**The task**
Please repeat every record exactly, leaving out any pictures.
□ □ □ □ □
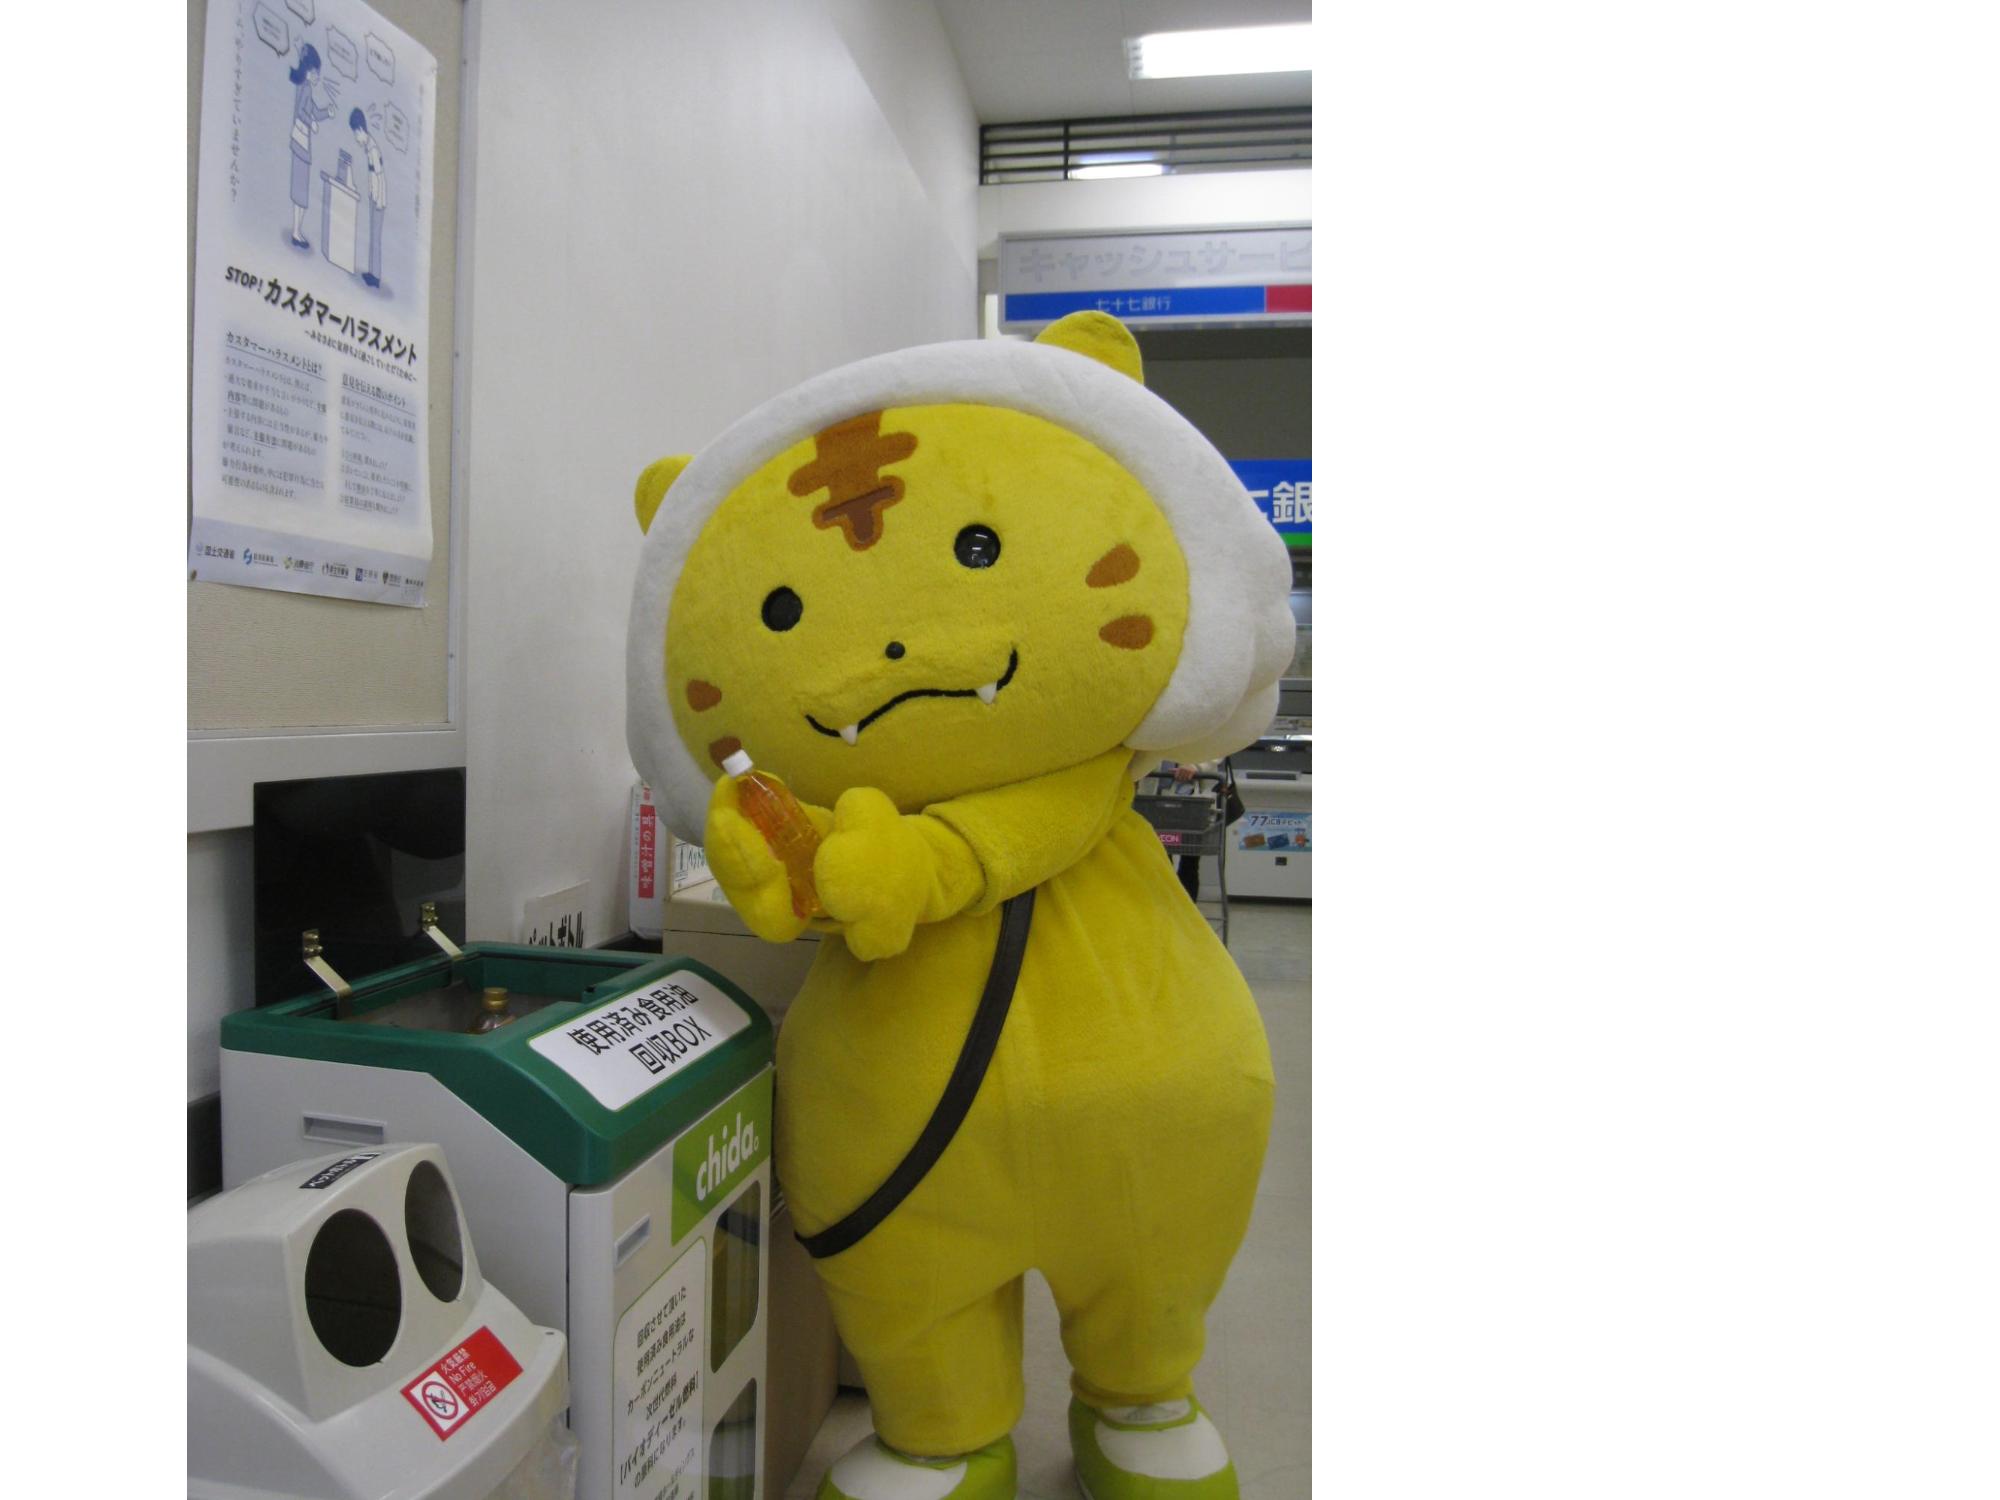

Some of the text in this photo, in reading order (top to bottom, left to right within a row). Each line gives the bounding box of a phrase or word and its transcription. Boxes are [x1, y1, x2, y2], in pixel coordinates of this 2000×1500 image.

[225, 265, 417, 366] STOP! カスタマーハラスメント
[1095, 296, 1172, 313] 七十七銀行
[640, 813, 656, 889] 味噌汁の具
[567, 983, 699, 1055] 使用済み食用油
[628, 1016, 712, 1075] 回収BOX
[448, 1361, 477, 1385] No Fire
□ □ □ □ □
**Solution for this task**
Some of the text in this photo, in reading order (top to bottom, left to right within a row). Each line gives the bounding box of a phrase or word and its transcription. Boxes are [x1, y1, x2, y2], in pixel coordinates of this 2000×1500 image.

[225, 265, 417, 366] STOP! カスタマーハラスメント
[1095, 296, 1172, 313] 七十七銀行
[640, 813, 656, 889] 味噌汁の具
[567, 983, 699, 1055] 使用済み食用油
[628, 1016, 712, 1075] 回収BOX
[448, 1361, 477, 1385] No Fire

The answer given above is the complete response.